Quedamos
en el lugar perfecto a la hora indicada. Ella, nerviosa, inquieta, bastante excitada,
deseando entrar en acción. Yo, intentando controlar la situación, menos
nerviosa, pero igual de animada. Ambas nos ataviamos con la indumentaria
reglamentaria, la requerida para llevar a cabo nuestra misión. Sacamos nuestras
mejores armas, algunas incluso no habían sido desempolvadas en toda una vida,
las estrenamos en ese preciso momento.
Parecía
como si de un instante a otro fuésemos a ver arder Roma. Luchamos contra corriente, algunos instrumentos nos
fallaron, otros artefactos nos hacían fracasar, aun así, seguimos con ahínco,
fieles a nuestro cometido. Pasado un tiempo, después de la batalla, tras la
encarecida lucha, y tras limpiar los restos de la contienda, nos miramos
orgullosas. Habíamos conseguido empezar y acabar una tarea nada fácil.
Sólo
una hora bastó para descubrir con vanidad nuestra victoria. Lo logramos.

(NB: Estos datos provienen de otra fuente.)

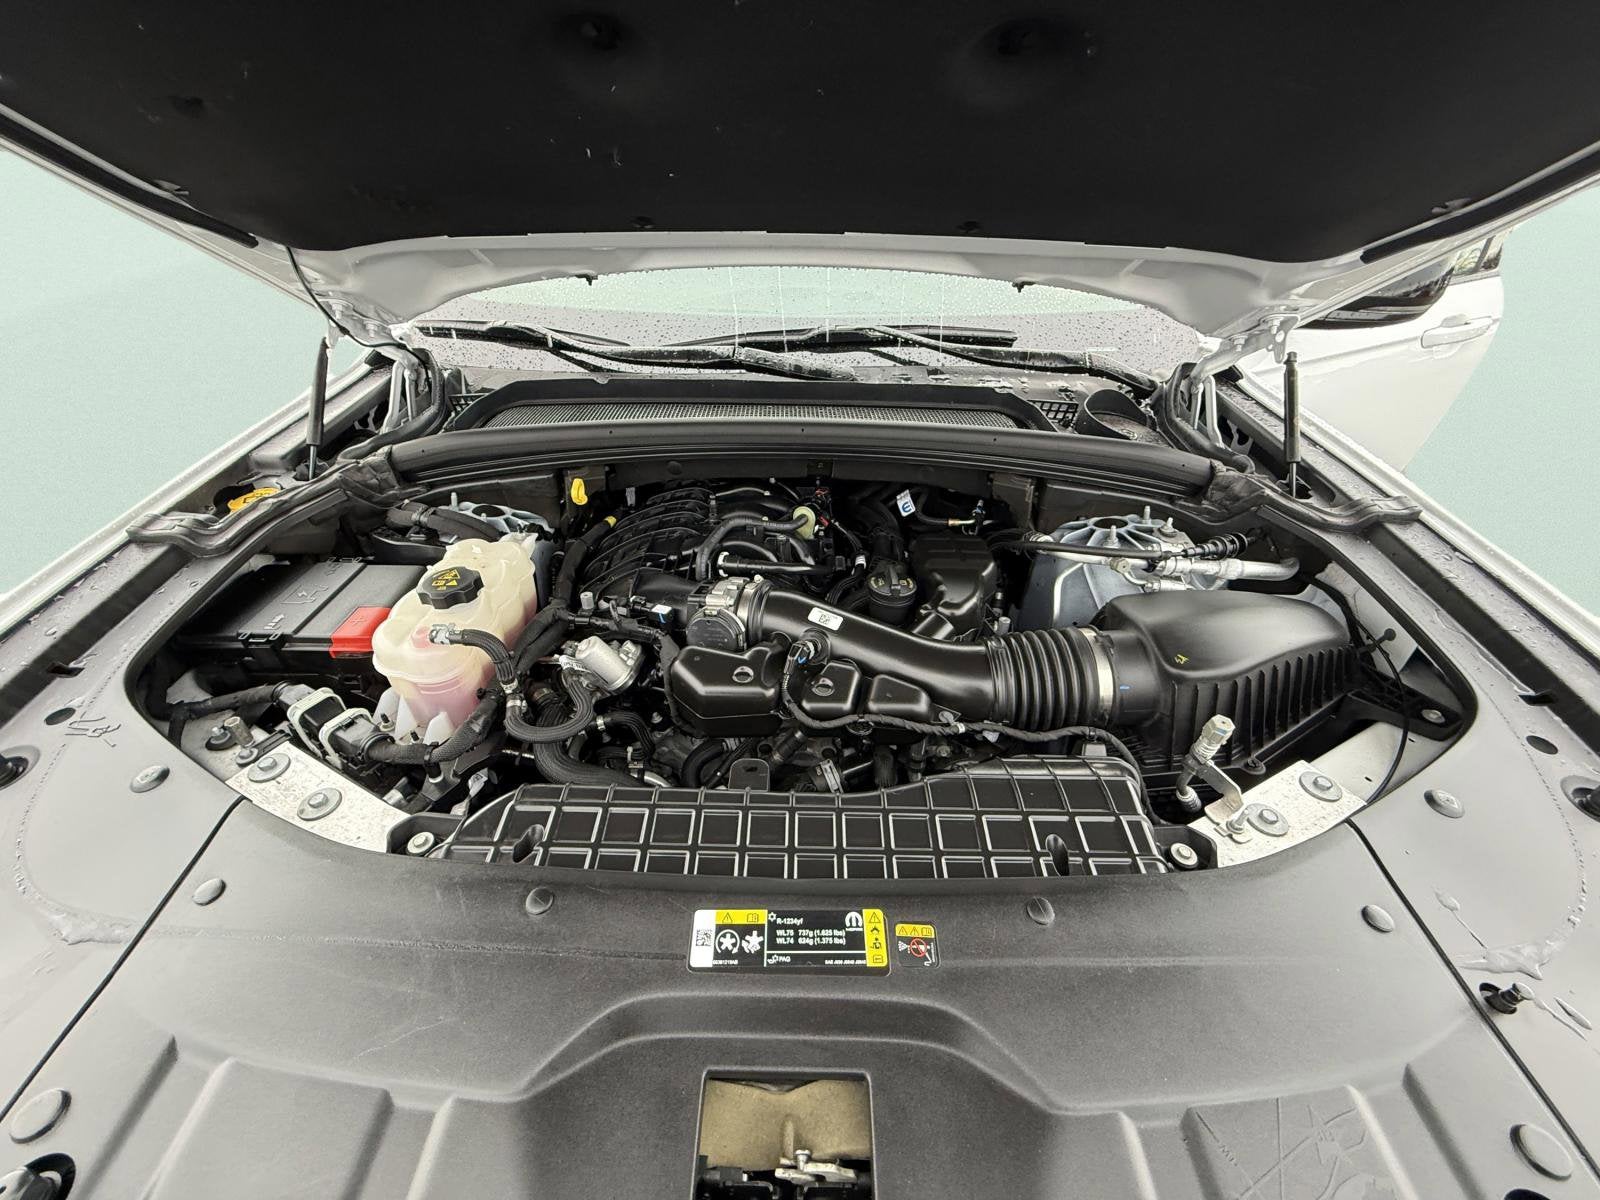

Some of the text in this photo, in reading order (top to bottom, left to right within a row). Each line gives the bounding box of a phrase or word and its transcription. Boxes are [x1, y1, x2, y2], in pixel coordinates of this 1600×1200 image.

Habíamos hecho las madalenas más exquisitas que jamás hayamos probado. Y pensar
que cuando entramos en aquella cocina, sólo éramos dos temerosas del arte
culinario. Después de esta experiencia
estamos preparadas para otra aventura gastronómica, y volveremos a
desempolvar nuestros enseres con la misma ilusión y a disfrutar de esa odisea.
No me gusta cocinar, aunque reconozco que en buena compañía cualquiera se puede
aficionar.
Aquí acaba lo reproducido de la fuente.